──────── SUPPLIED DATA ────────

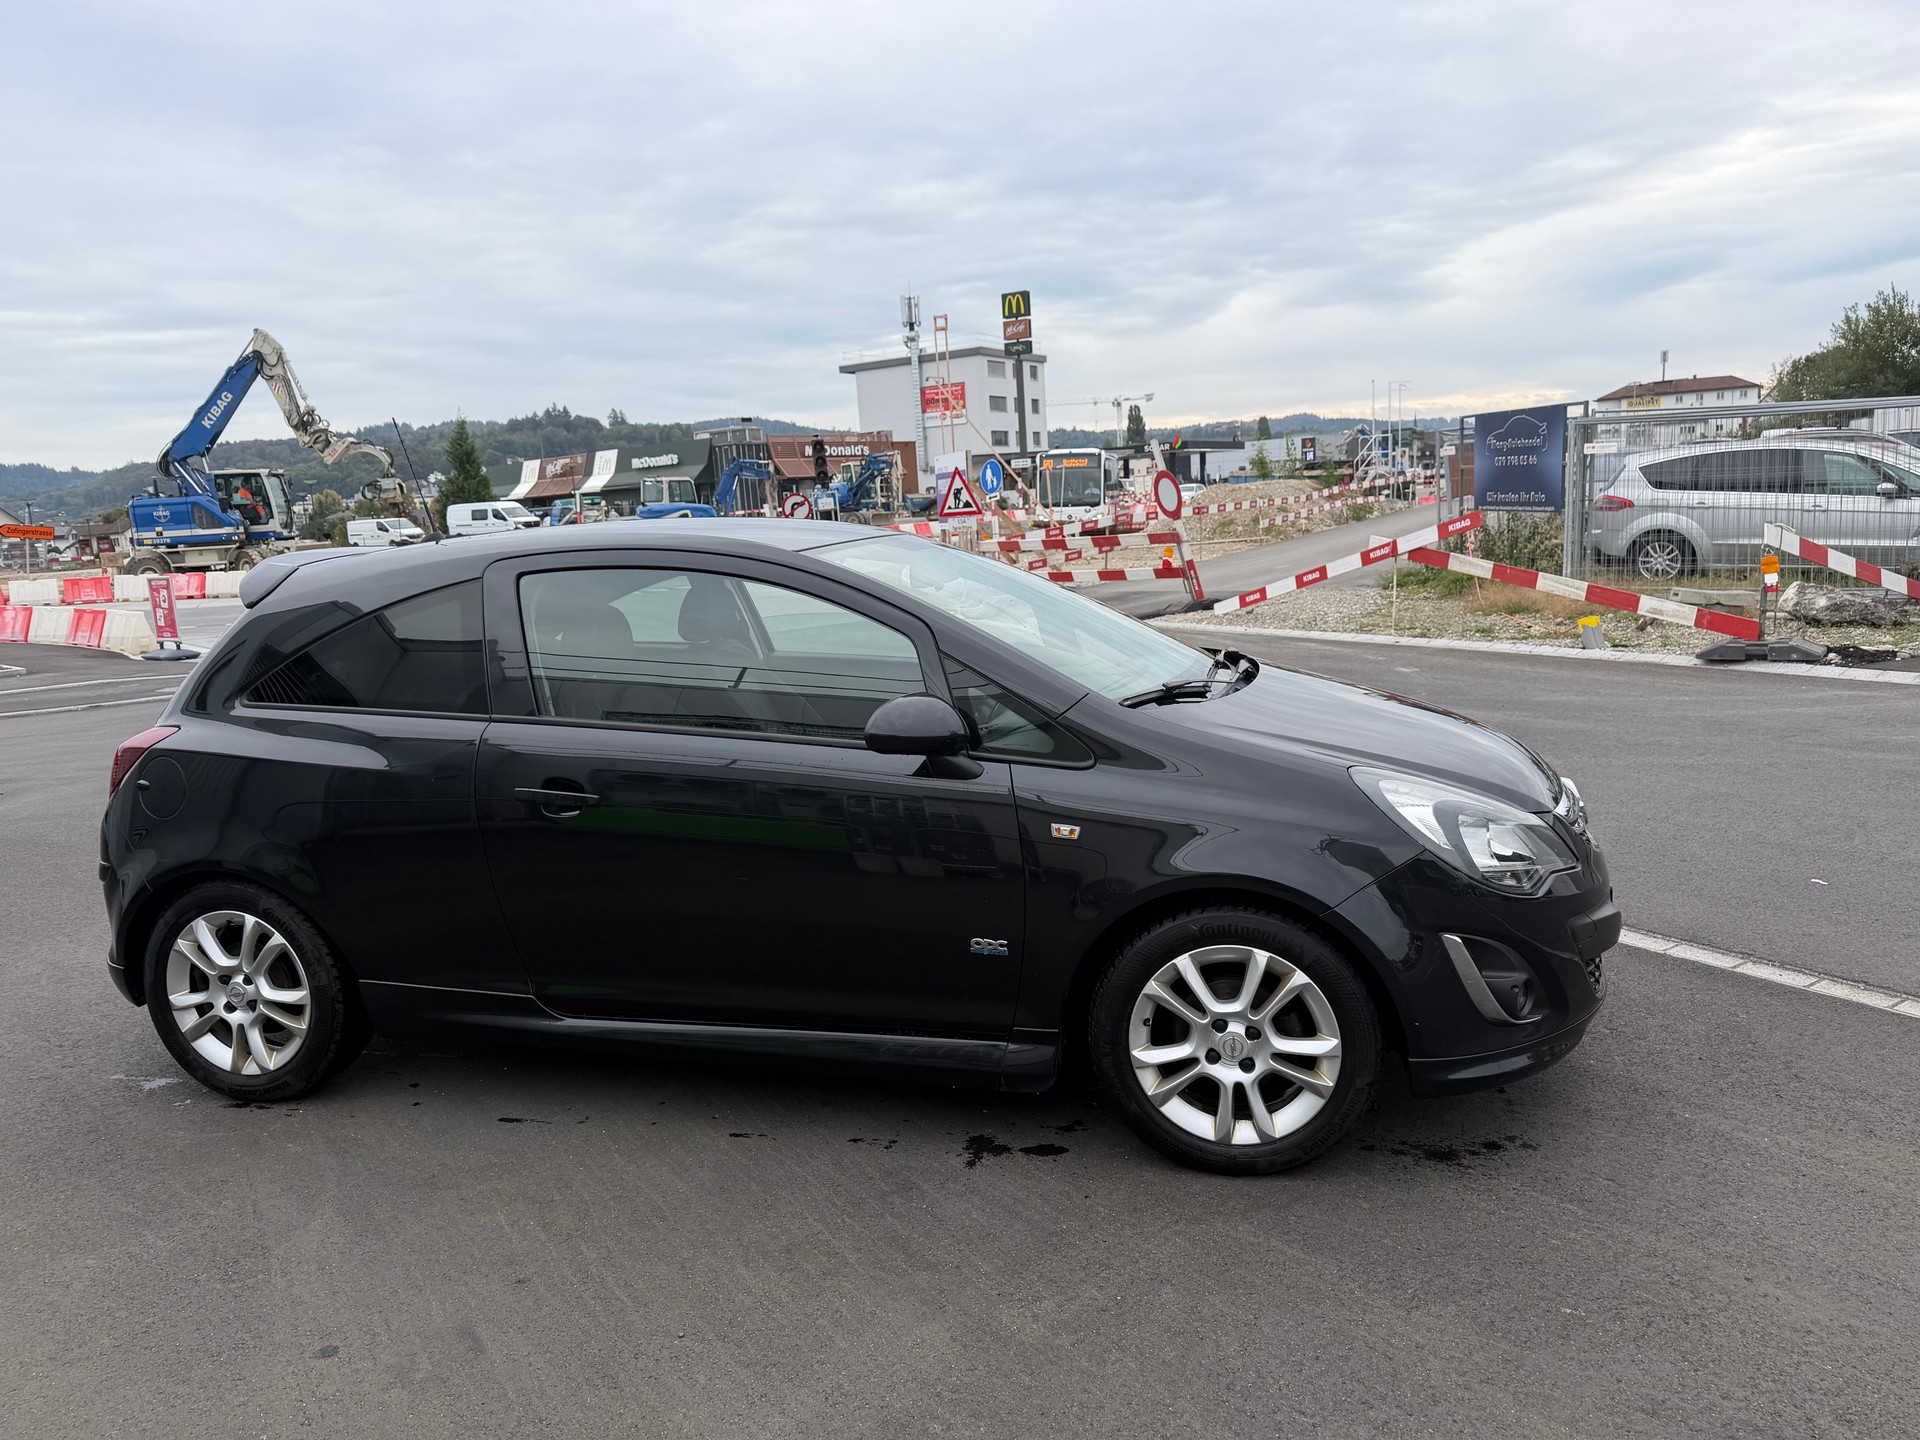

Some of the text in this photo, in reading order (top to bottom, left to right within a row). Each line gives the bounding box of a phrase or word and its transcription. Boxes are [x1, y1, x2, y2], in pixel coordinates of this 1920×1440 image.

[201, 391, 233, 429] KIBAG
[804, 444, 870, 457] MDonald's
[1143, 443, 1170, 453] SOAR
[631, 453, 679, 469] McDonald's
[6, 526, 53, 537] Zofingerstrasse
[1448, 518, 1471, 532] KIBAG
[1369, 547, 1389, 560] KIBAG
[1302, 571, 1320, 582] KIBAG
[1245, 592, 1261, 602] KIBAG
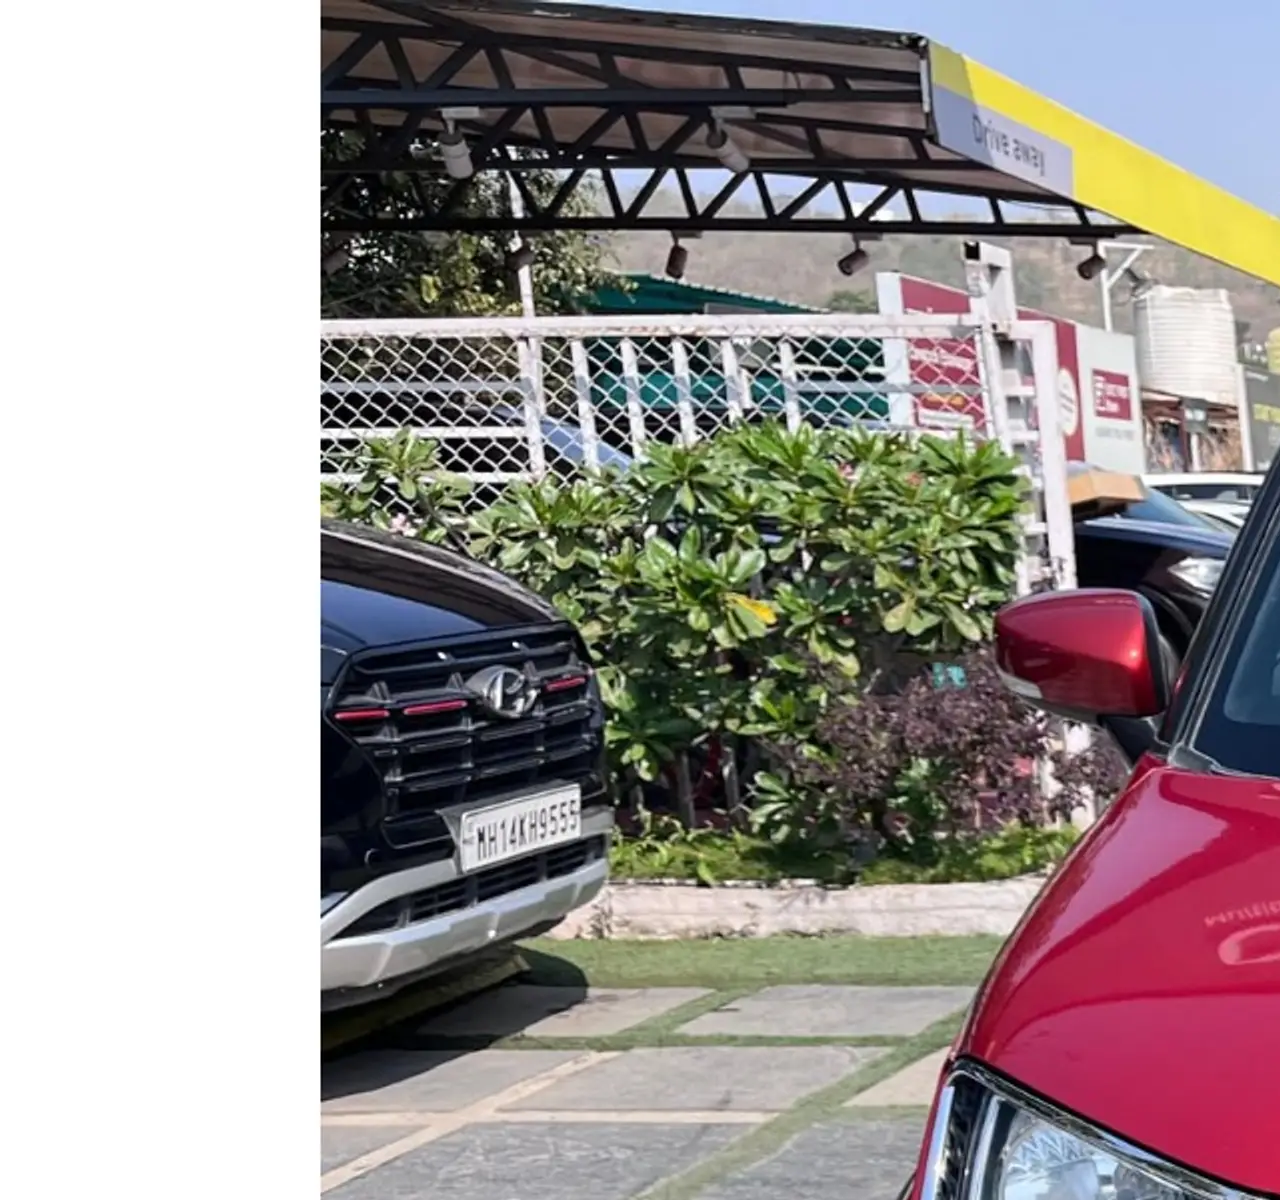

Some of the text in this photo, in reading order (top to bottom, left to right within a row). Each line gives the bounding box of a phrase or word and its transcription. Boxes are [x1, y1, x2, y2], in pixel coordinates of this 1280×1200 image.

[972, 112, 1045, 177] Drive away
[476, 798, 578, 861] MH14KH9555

────────

▸ **TO DO**
Reproduce every entry above in full and exactly, though not its pictures.

▸ **TASK ANSWER**
Some of the text in this photo, in reading order (top to bottom, left to right within a row). Each line gives the bounding box of a phrase or word and its transcription. Boxes are [x1, y1, x2, y2], in pixel coordinates of this 1920×1440 image.

[201, 391, 233, 429] KIBAG
[804, 444, 870, 457] MDonald's
[1143, 443, 1170, 453] SOAR
[631, 453, 679, 469] McDonald's
[6, 526, 53, 537] Zofingerstrasse
[1448, 518, 1471, 532] KIBAG
[1369, 547, 1389, 560] KIBAG
[1302, 571, 1320, 582] KIBAG
[1245, 592, 1261, 602] KIBAG

Some of the text in this photo, in reading order (top to bottom, left to right within a row). Each line gives the bounding box of a phrase or word and its transcription. Boxes are [x1, y1, x2, y2], in pixel coordinates of this 1280×1200 image.

[972, 112, 1045, 177] Drive away
[476, 798, 578, 861] MH14KH9555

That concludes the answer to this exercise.